Regex to find all substrings and longest substring
I would usually do something like this using a string libray. But I wonder if it can be done using a regex.
I want to do the following: Given a search string:
Seattle is awesome
I want to find all substrings of it in a given sentence. So applying a regex to the following sentence
Seattle Seattle is awesome is awesome awesome is Seattle
Should give me
Seattle, Seattle is awesome, is awesome, awesome, is, Seattle
One constraint that might be helpful is that the sentence will always have only the words present in the search string and whitespaces in between.

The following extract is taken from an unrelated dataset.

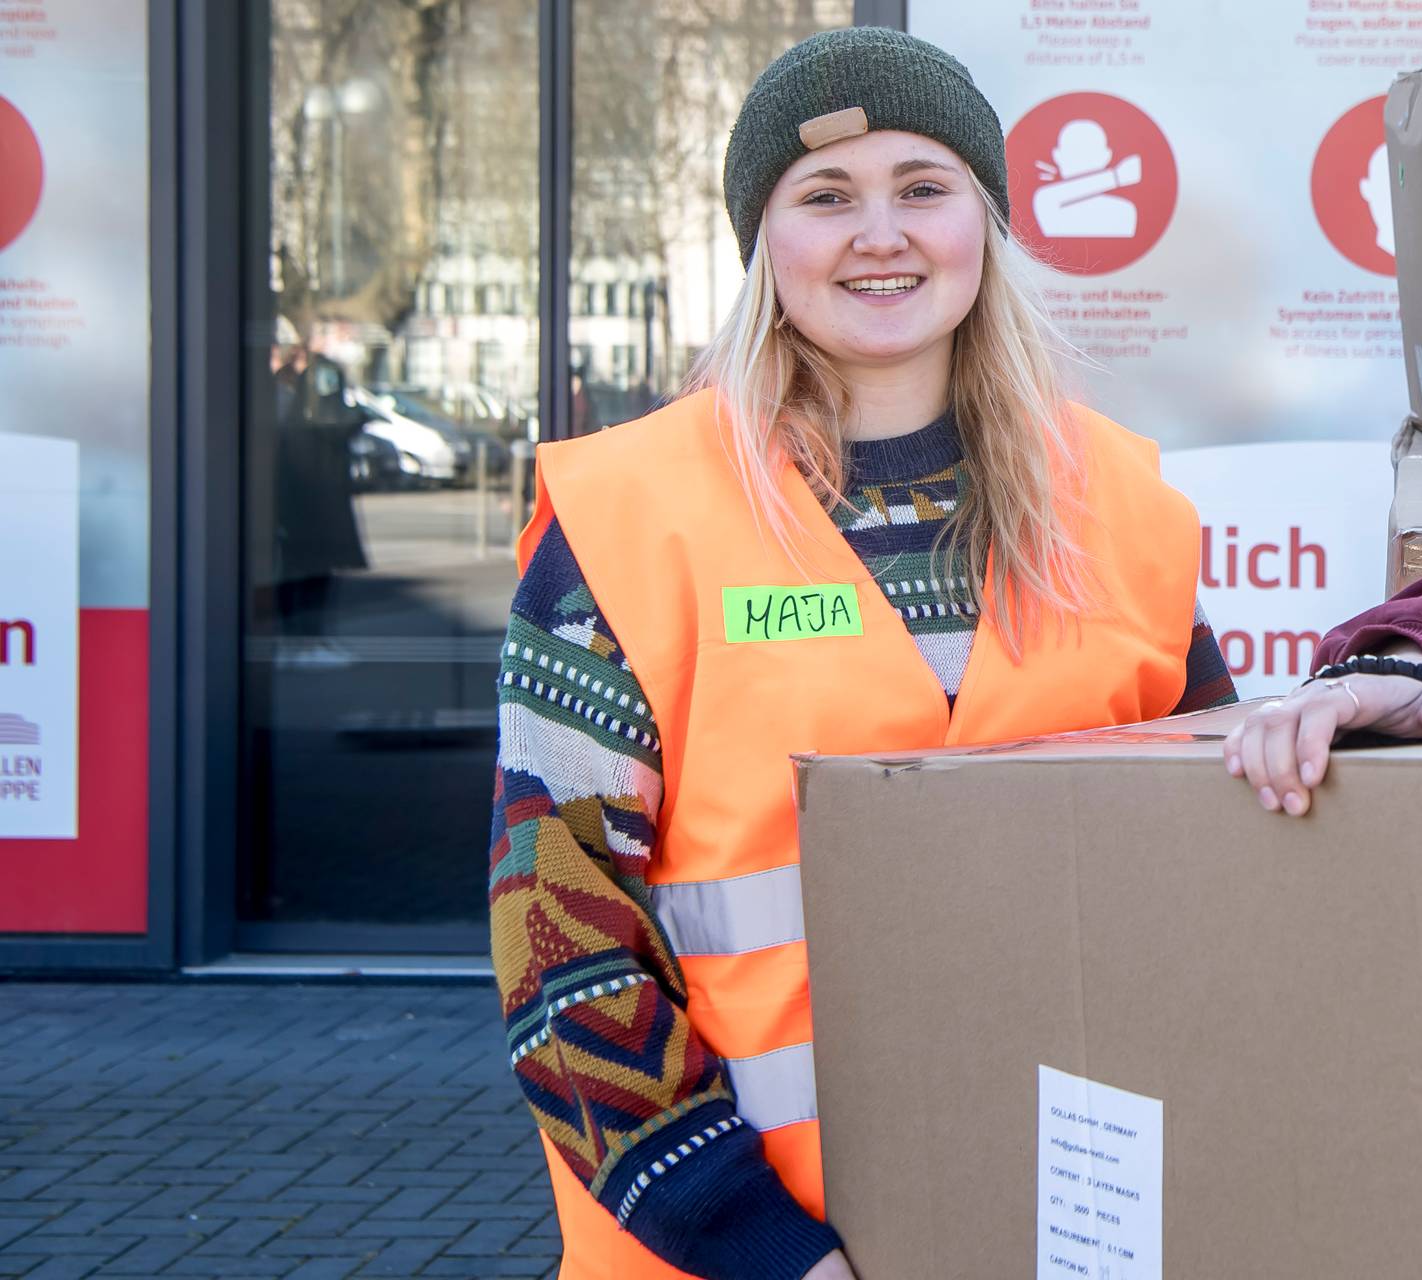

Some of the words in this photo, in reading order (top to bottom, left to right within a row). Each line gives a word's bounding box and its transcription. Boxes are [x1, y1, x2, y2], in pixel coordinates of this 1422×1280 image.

[1046, 16, 1086, 28] Meter
[1092, 15, 1150, 28] Abstand
[746, 594, 851, 639] MAJA
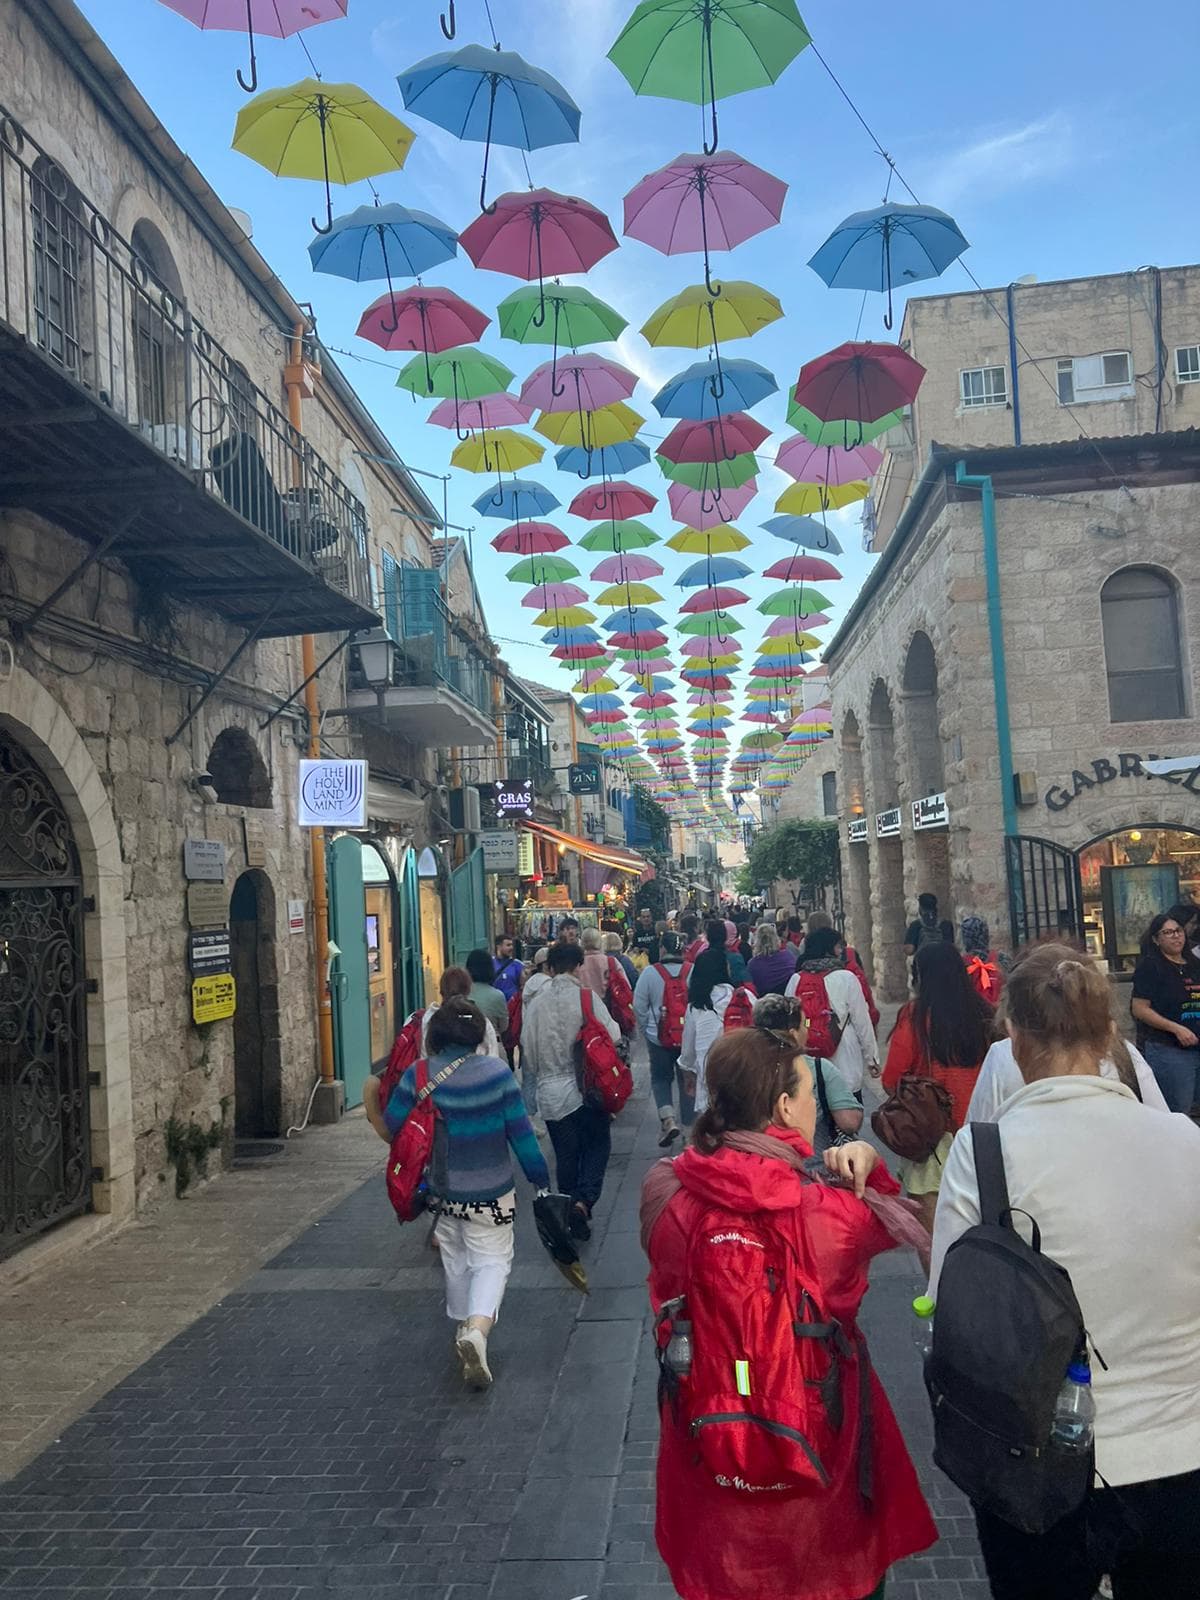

Note If there's a match, it shou开发者_C百科ld be the longest possible string. So like in the above example the matches shouldn't be single words rather longest possible substrings. Order among words also needs to be maintained. That's why
awesome is Seattle
in the sentence above gives us
awesome, is and Seattle
I am not sure if something like this can be done with a regex though, since it is greedy. Would appreciate any insight into this! I'm familiar with both C# and Java and could use either of their regex libraries.
I don't think you can do this with a regex. Wikipedia has a good article on the longest common subsequence problem.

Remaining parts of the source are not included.